Your goal:
Every line of the material is to be quoted verbatim, minus the pictures.

___ Source material

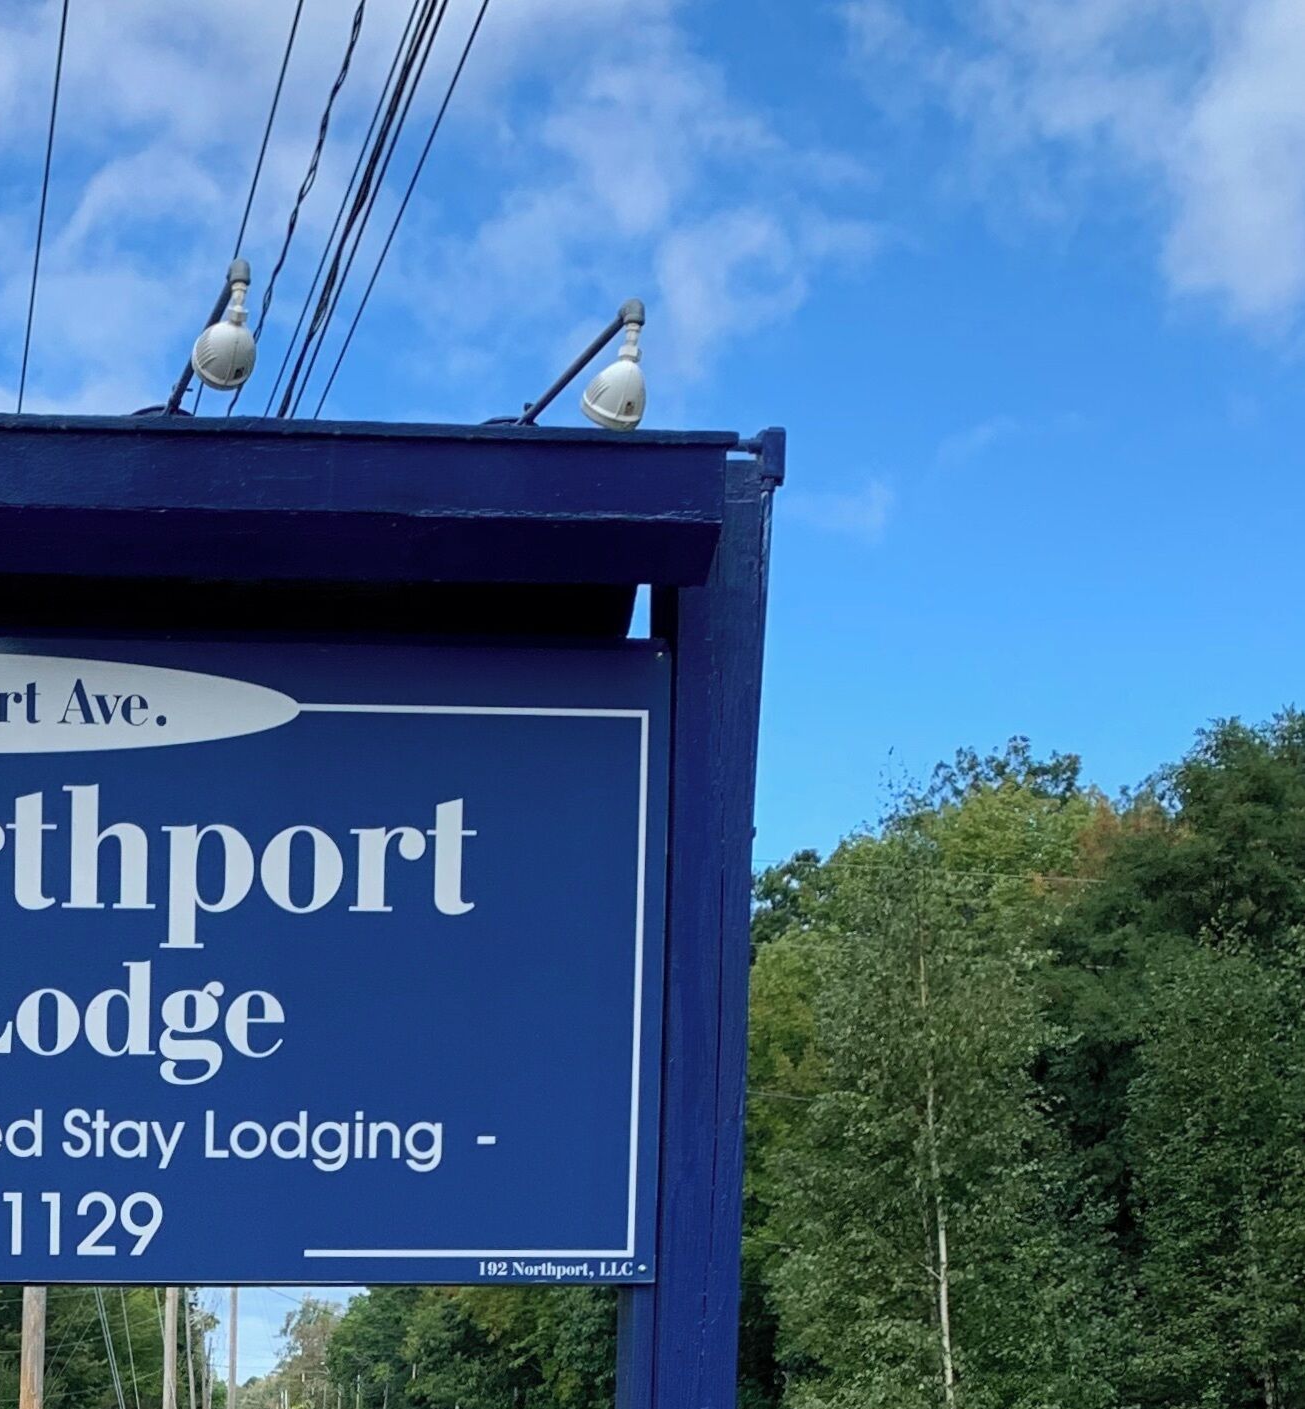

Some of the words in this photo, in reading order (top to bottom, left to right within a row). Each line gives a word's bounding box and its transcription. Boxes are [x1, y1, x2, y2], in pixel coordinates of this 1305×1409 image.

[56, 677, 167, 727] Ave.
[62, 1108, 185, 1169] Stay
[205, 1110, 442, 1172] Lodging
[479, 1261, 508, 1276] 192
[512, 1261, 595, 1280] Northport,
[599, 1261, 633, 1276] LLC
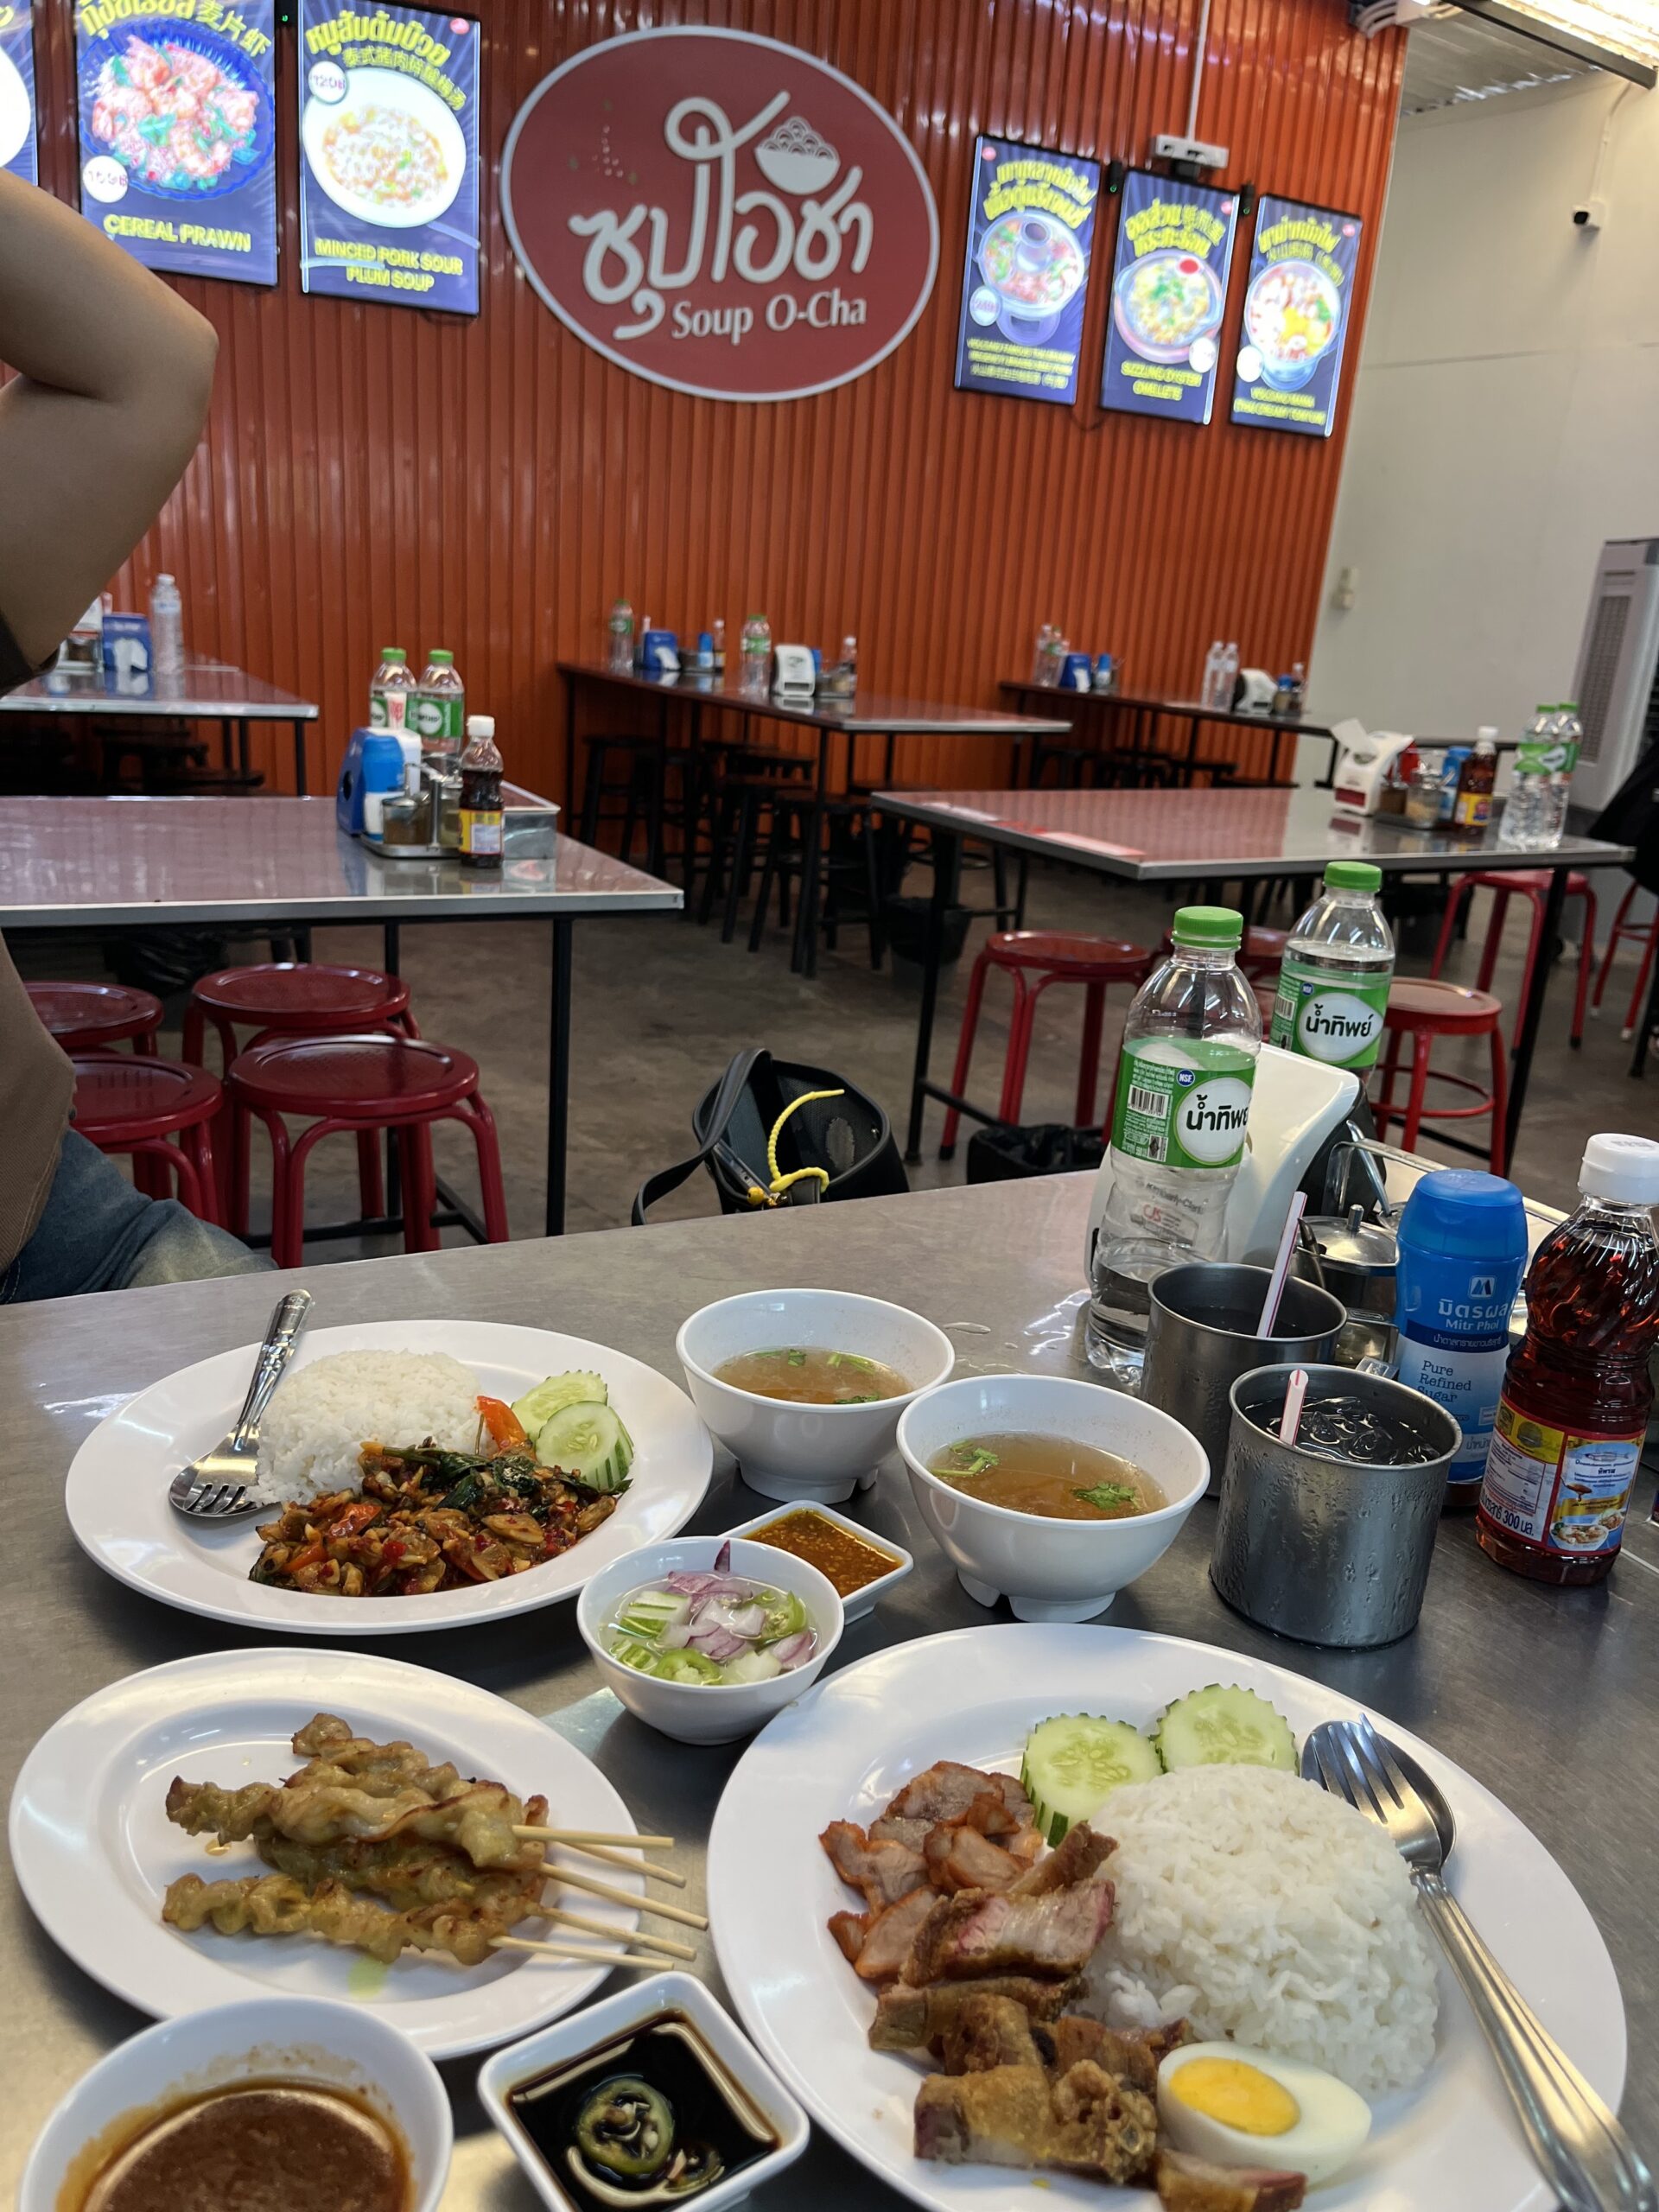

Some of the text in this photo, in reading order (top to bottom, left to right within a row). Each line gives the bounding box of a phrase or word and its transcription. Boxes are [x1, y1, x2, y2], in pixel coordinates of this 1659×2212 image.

______

Response to this task:
Some of the words in this photo, in reading order (top to bottom, left to right within a row). Each line gives a word's bounding box and its transcription. Boxes are [x1, y1, x2, y2], in pixel coordinates of this 1305×1409 image.

[56, 677, 167, 727] Ave.
[62, 1108, 185, 1169] Stay
[205, 1110, 442, 1172] Lodging
[479, 1261, 508, 1276] 192
[512, 1261, 595, 1280] Northport,
[599, 1261, 633, 1276] LLC

Some of the text in this photo, in reading order (top to bottom, left to right within a row). Each line gives the bounding box of a phrase or word and its transcription. Boxes are [x1, y1, x2, y2], in pixel coordinates of this 1659×2212 image.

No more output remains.